**Exercise objective**. Set down the full listing below word for word; pictures stay out of the copy.

**Records**.
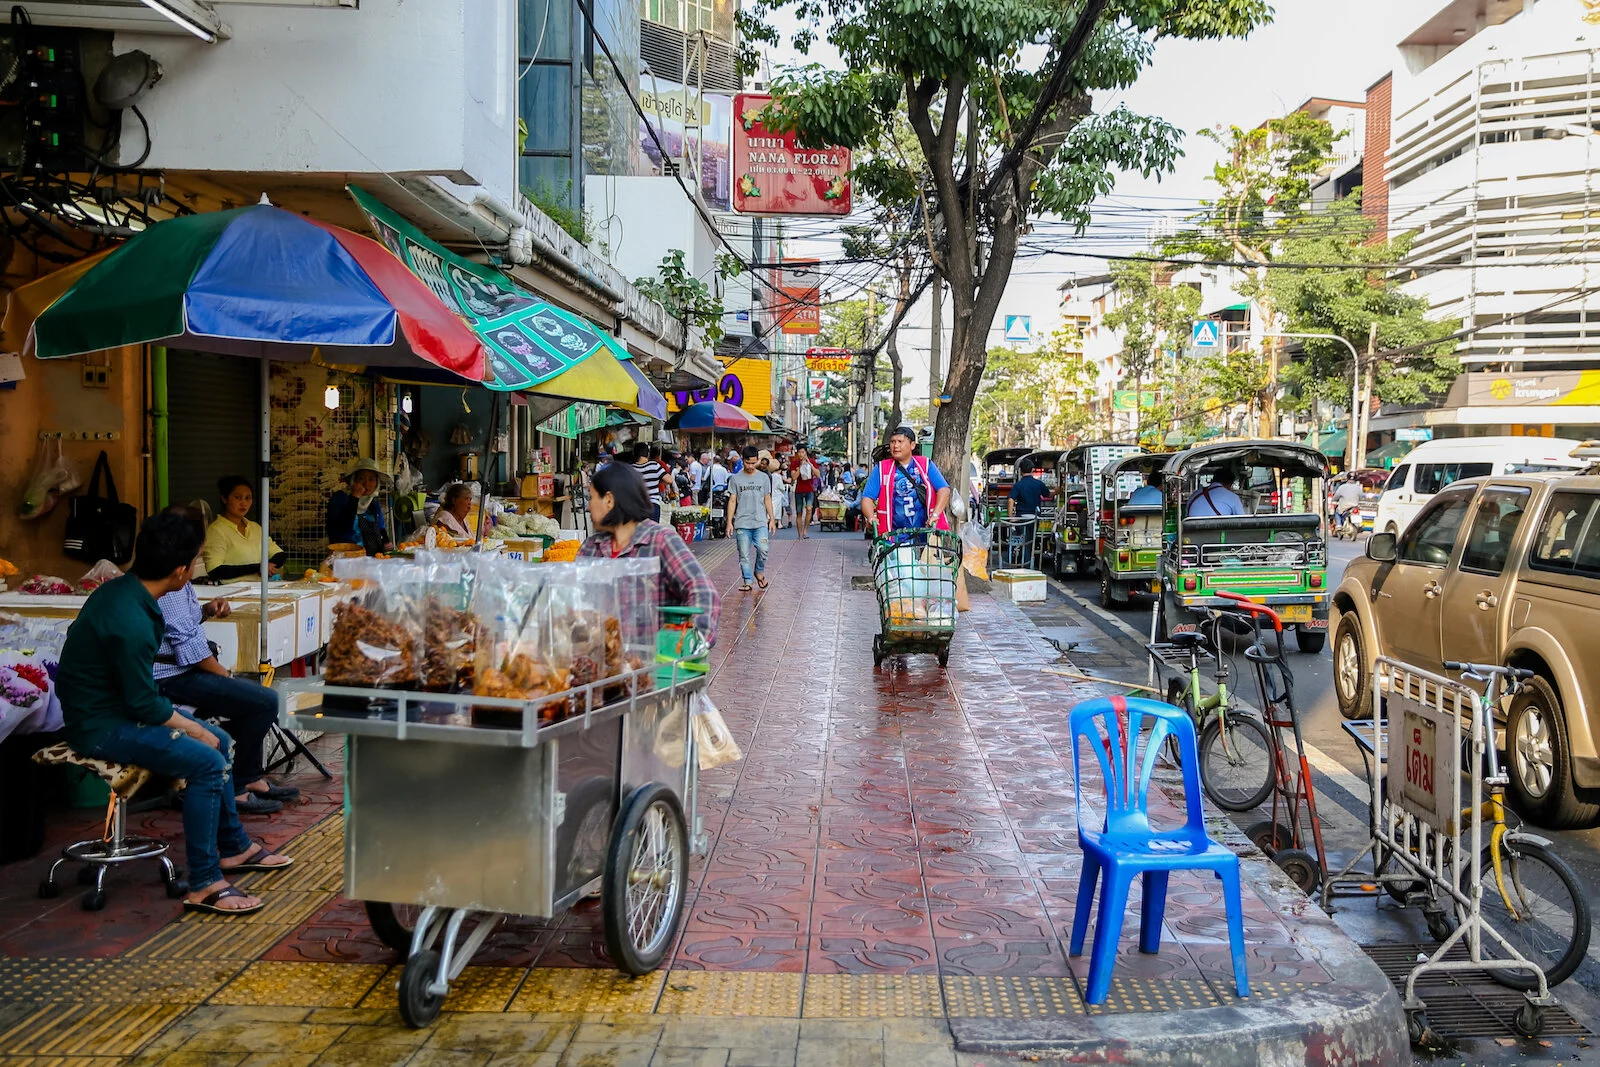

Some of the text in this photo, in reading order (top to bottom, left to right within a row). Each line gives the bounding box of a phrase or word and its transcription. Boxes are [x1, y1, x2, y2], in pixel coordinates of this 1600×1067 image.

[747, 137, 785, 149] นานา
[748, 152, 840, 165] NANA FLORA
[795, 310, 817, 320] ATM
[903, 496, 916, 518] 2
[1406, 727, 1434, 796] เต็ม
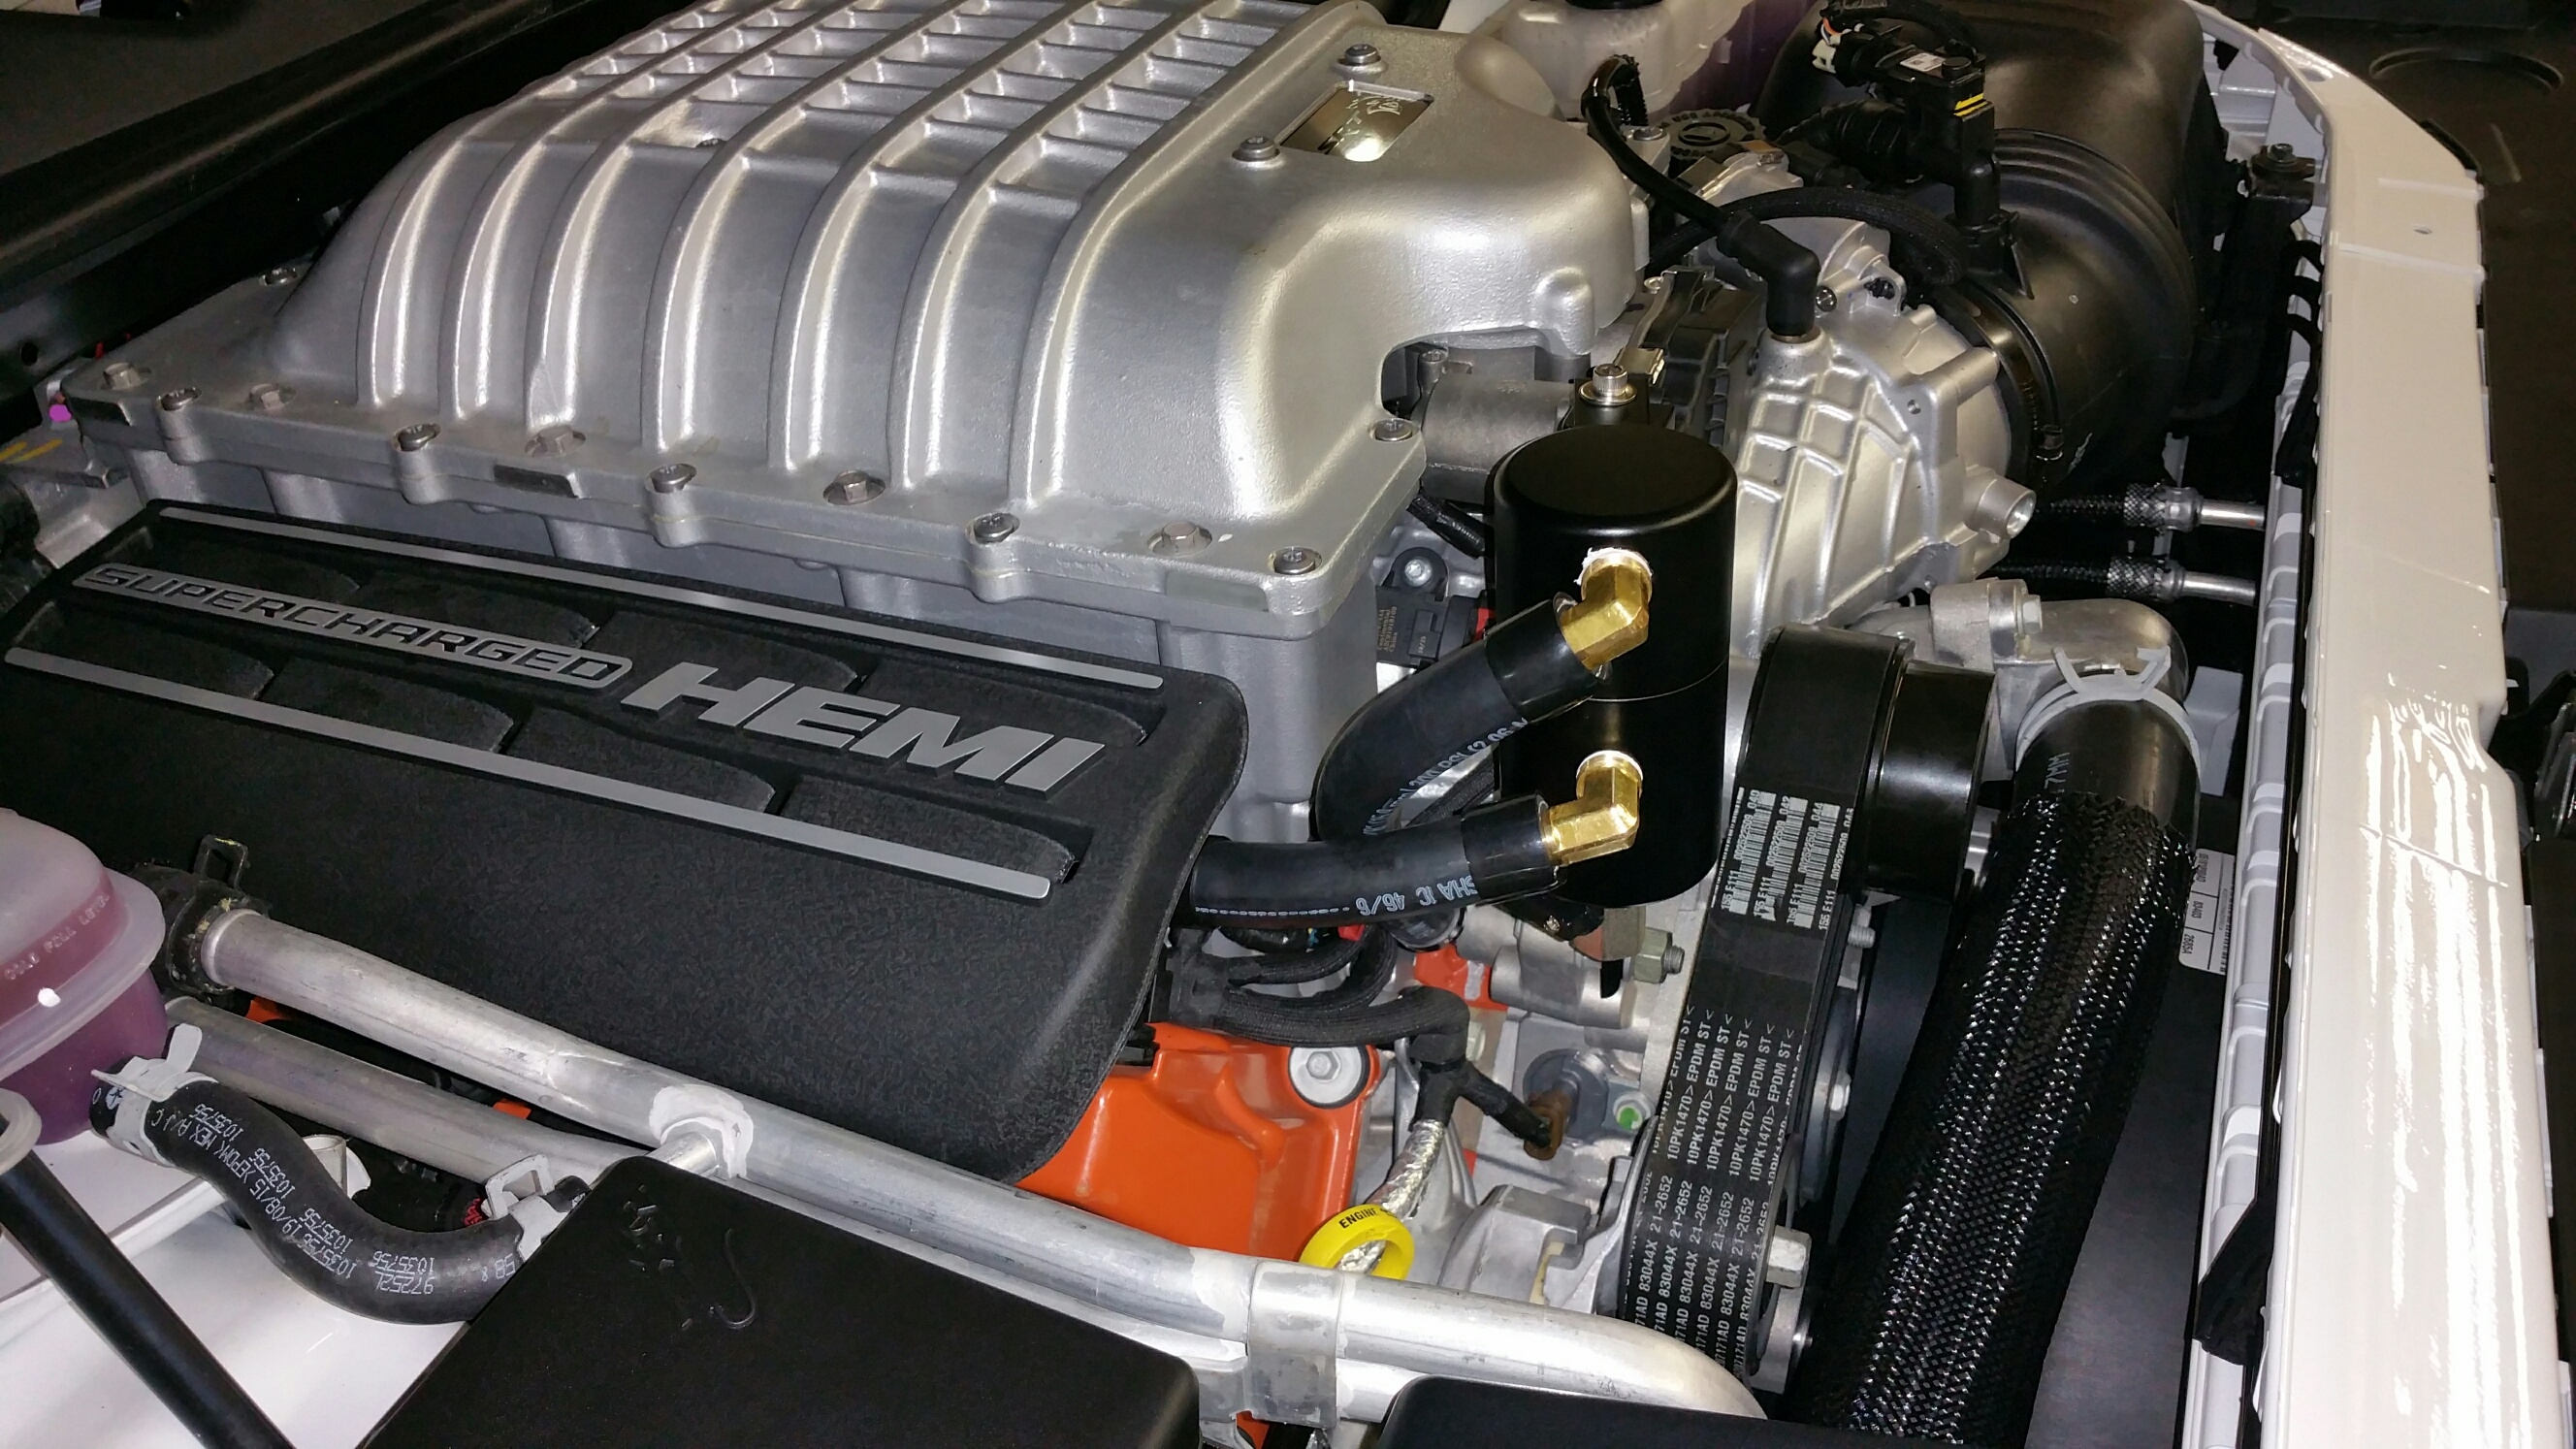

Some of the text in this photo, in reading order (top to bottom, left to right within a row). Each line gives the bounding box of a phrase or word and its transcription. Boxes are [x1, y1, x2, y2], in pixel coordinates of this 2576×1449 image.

**Your response**.
Some of the text in this photo, in reading order (top to bottom, left to right within a row). Each line gives the bounding box of a phrase or word and its transcription. Boxes are [x1, y1, x2, y2], in pixel coordinates of this 1600×1067 image.

[747, 137, 785, 149] นานา
[748, 152, 840, 165] NANA FLORA
[795, 310, 817, 320] ATM
[903, 496, 916, 518] 2
[1406, 727, 1434, 796] เต็ม

Some of the text in this photo, in reading order (top to bottom, left to right within a row). Each line gives the bounding box of a phrase or word and its transcription. Boxes are [x1, y1, x2, y2], in pixel coordinates of this 2576×1449 image.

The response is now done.